On the Xbox, it’s even more of a problem. It’s a platform that’s grown on the back of Halo, and inherited a lot of its brand: hardcore, macho, shout-down-the-headset gaming. That’s great for me, but it can mean that my kids hole up in Minecraft and Roblox and never come out. If Xbox wants to conquer the world with Game Pass and streaming services, then it has to push beyond Halo, Gears of War and Forza players.

But some games have stuck, and they’re worth celebrating. There’s the LEGO series of course, but there’s also The Maw, which is an underrated gem, and Island Saver, which gets more rotation in our house than a free game made in conjunction with Natwest ever should. But it’s de Blob and – in particular – its far superior sequel de Blob 2, which sits squarely in the bullseye of that Venn diagram I talked about. 

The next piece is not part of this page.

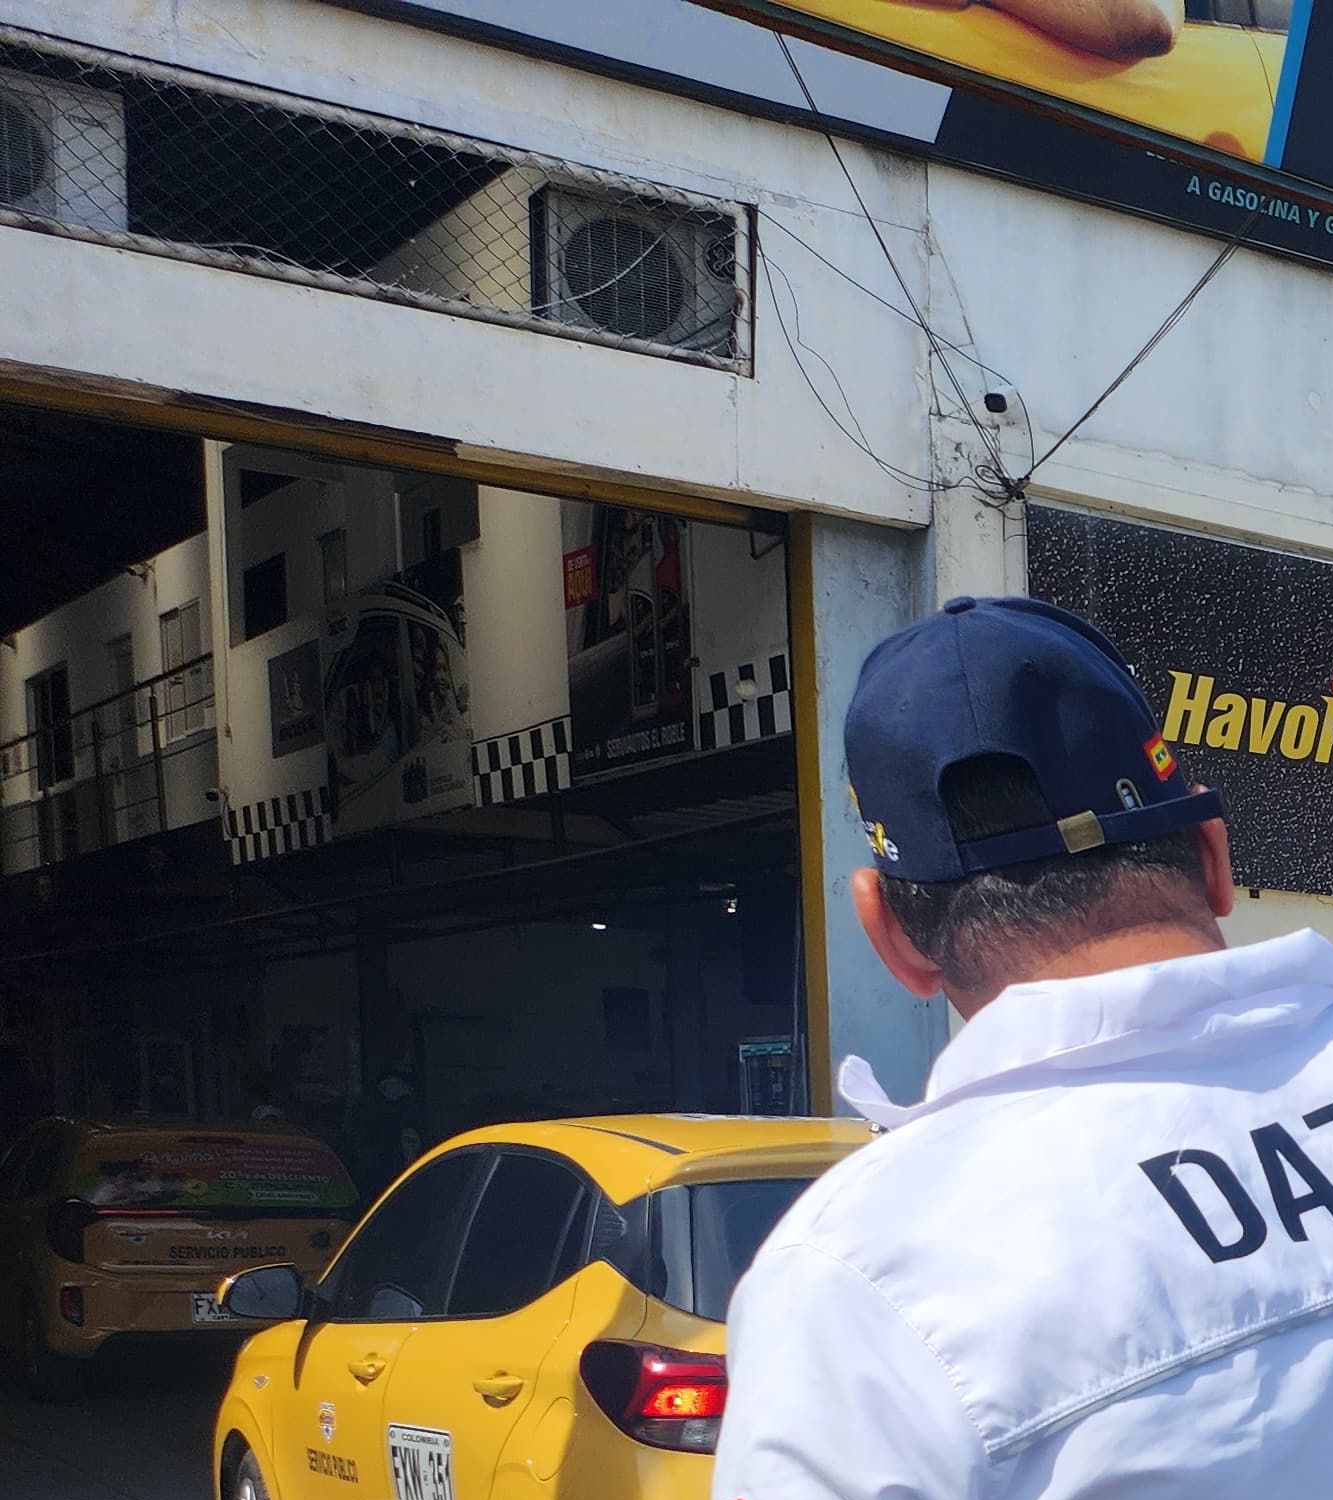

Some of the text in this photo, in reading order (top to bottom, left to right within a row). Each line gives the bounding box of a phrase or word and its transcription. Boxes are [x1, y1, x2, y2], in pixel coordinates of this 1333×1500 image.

[1186, 175, 1201, 196] A
[1307, 208, 1321, 228] Y
[168, 1245, 287, 1260] SERVICIO PUBLICO
[194, 1298, 225, 1317] FX

It’s an easy game to explain, which is perhaps why it resonates so much in our house. You play Blob, a resident of Prisma City, and the city has very recently been stripped of all of its colour by Papa Blanc and his army of drones. As an adult watching over the shoulder, you can spot the real-world riffs, as an authoritarian regime bans joy and culture, turning the city grey. For a kid it’s something pretty being turned ugly, and that just can’t happen. 

Spider drones waddle around with colours stored in some kind of sacs, and you can bounce-pound them to fill yourself with their hue. Then you’re hopping onto the buildings, trees and skyscrapers of Prisma City, returning them to their original, colourful selves. As the city becomes vibrant, you get access to other parts of the city, and the game opens out brilliantly.

de Blob 2 Xbox

There are nuances to this, which we’ll get into in a moment, but de Blob 2 is so successful because it hits on something that every child loves: a blank canvas. Give a kid an empty colouring book and some pens, and you have a quiet evening, as they can feel the reward of changing it, having an impact on it, and personalising it as they want. Something grey becomes wildly colourful.

de Blob 2 takes that joy to its wildest extremes. I wish I’d taken a picture when my daughter first realised that, with a single touch from Blob, an entire skyscraper can suddenly – shloop! – become a single colour. Having that kind of impact just feels good. Then, she realised that she could run at full pelt through the city and paint dozens of things in only a few seconds, snaking from building to building. de Blob 2 immediately went into a ‘Group’ on our dashboard for games that my daughter will actually put up with. 

The first de Blob didn’t quite have the same magic. It made some of the mistakes that we talked about at the start: in particular, it was in love with time limits and frenzied (i.e. challenging) combat. de Blob 2 doesn’t sidestep those completely, but it just feels more welcoming and forgiving. It also leans into some things that my family soon became enamored with: variety, completionism and wacky cartoon cutscenes. 

The variety was something that the designers clearly learned from the first game. Painting tasks are elaborated on to become races, collectathons, and even bosses. While repetition can be reassuring for a young player, in de Blob it was a little too much, and de Blob 2 felt more like a surprising world, full of secrets, in the same vein as a Super Mario Galaxy, say. 

de Blob 2 Xbox 360

The way de Blob 2 handles completionism is a lesson for a majority of games, let alone those aimed at a family. de Blob 2 asks you to paint everything in a given area, and painting them all unlocks achievements and rewards. That gets knotty, as smaller things like trees can be painted, and those are often tucked in the corners of the map. Luckily, Blue Tongue Entertainment breaks the game map into chunks and gives you totals for each one, making the hunt for that last rock or tree just about bearable. My wife and I would often play in the evenings to find a grey piece of decor that our kids lost patience in finding. 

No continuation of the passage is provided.